- _Input data_
****************
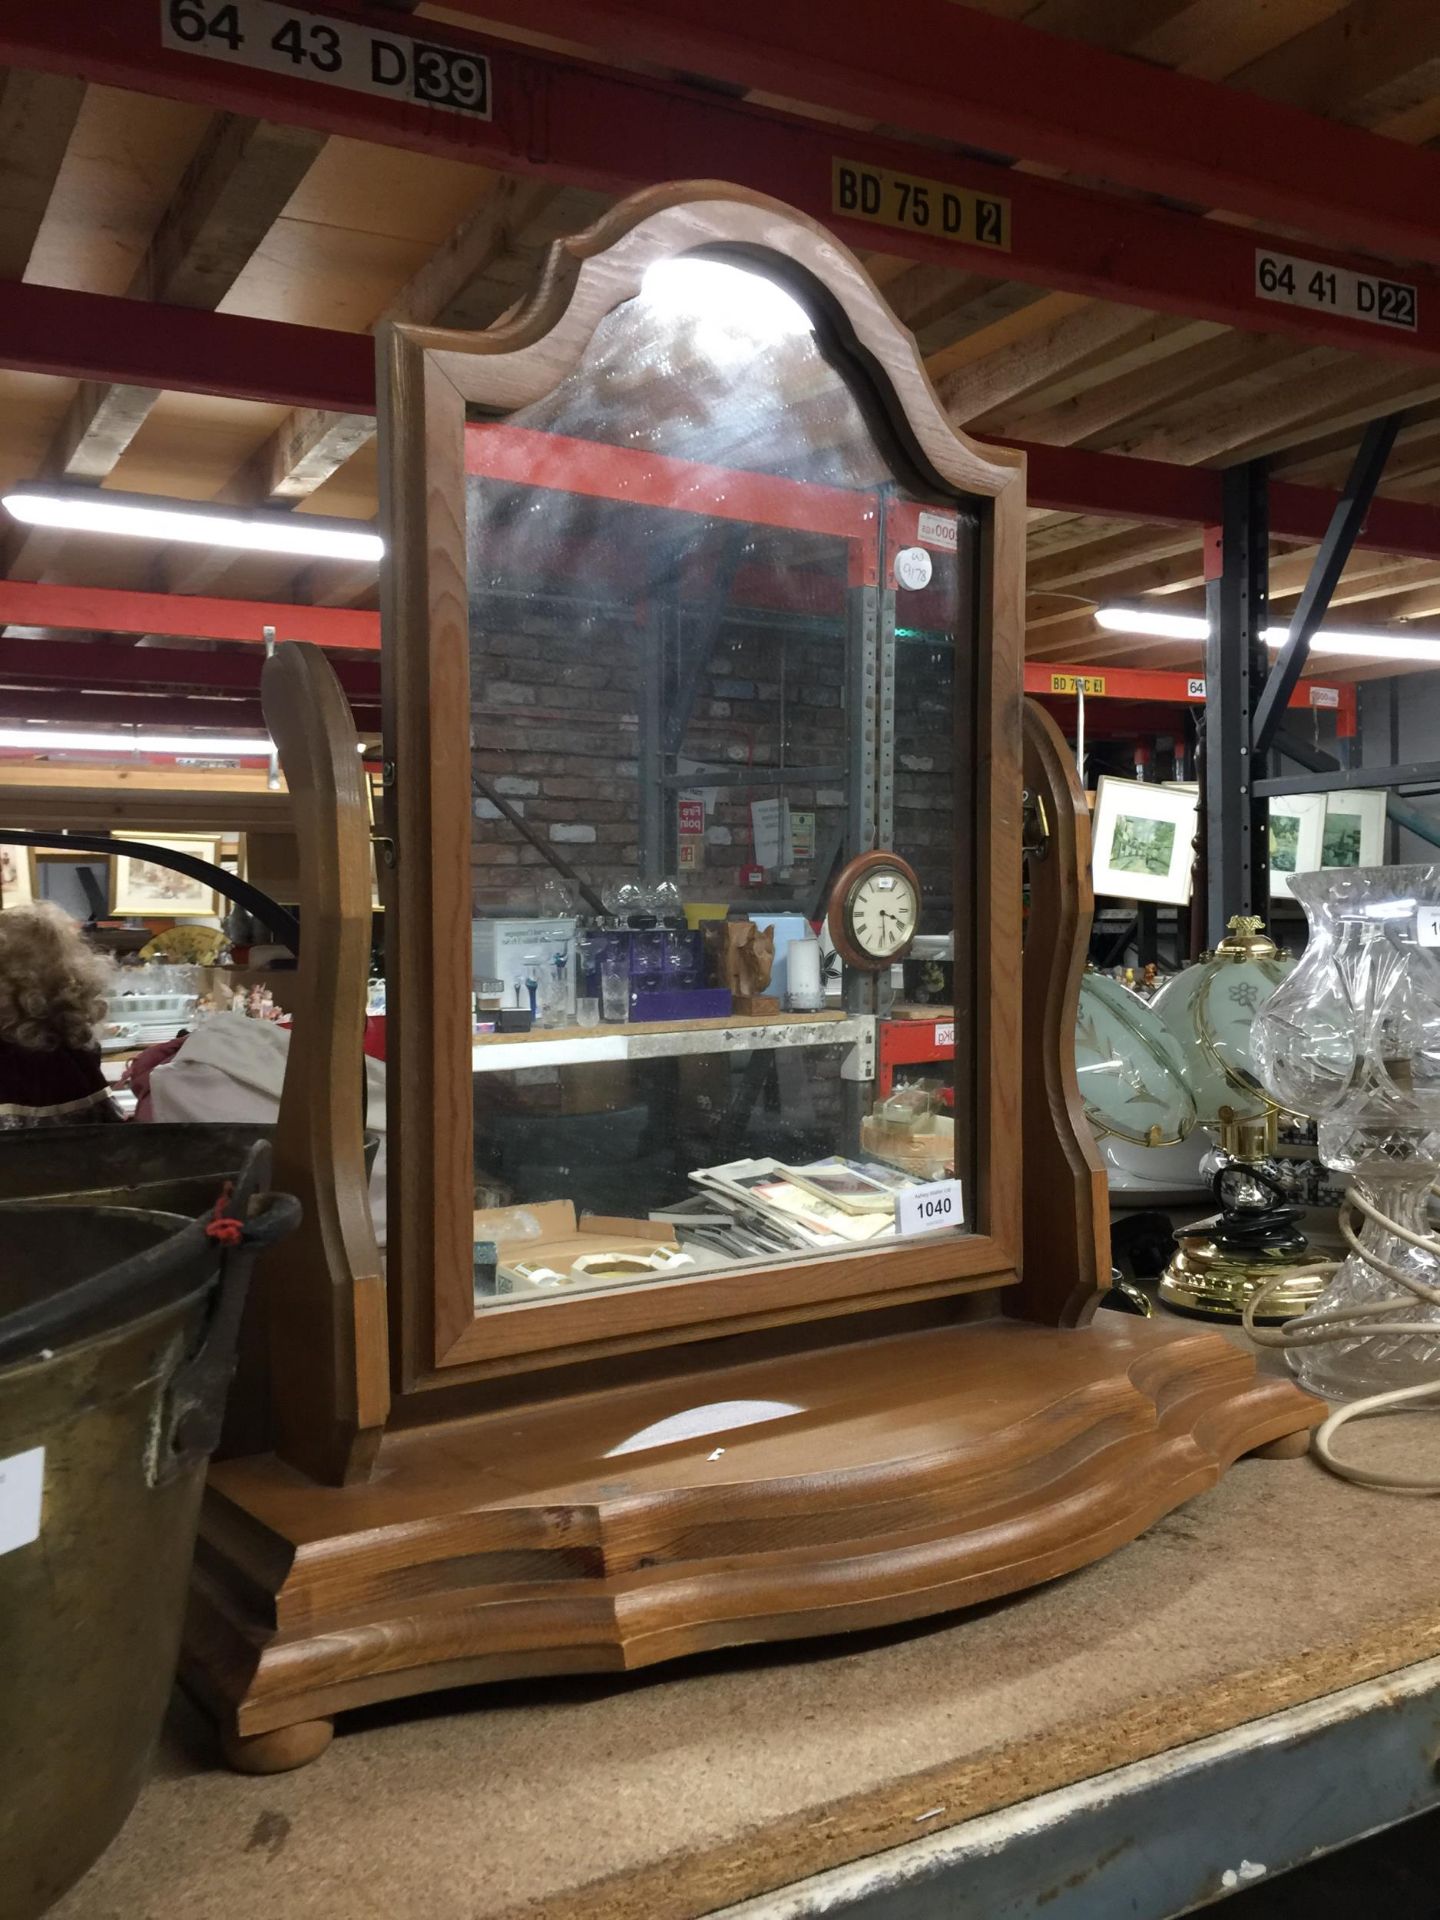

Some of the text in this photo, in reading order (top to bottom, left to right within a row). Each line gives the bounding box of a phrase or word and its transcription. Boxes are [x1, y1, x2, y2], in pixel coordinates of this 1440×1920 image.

[169, 0, 244, 51] 64
[271, 18, 343, 73] 43
[838, 167, 999, 244] BD 75 D 2
[1259, 259, 1296, 297] 64
[1308, 270, 1338, 306] 41
[1053, 677, 1066, 690] BD
[1189, 681, 1203, 694] 64
[917, 1198, 951, 1219] 1040
****************
- _Description of the task_
Write out the records in full and exactly, omitting the pictures they hold.

- _Exercise solution_
Some of the text in this photo, in reading order (top to bottom, left to right within a row). Each line gives the bounding box of a phrase or word and its transcription. Boxes are [x1, y1, x2, y2], in pixel coordinates of this 1440×1920 image.

[169, 0, 244, 51] 64
[271, 18, 343, 73] 43
[838, 167, 999, 244] BD 75 D 2
[1259, 259, 1296, 297] 64
[1308, 270, 1338, 306] 41
[1053, 677, 1066, 690] BD
[1189, 681, 1203, 694] 64
[917, 1198, 951, 1219] 1040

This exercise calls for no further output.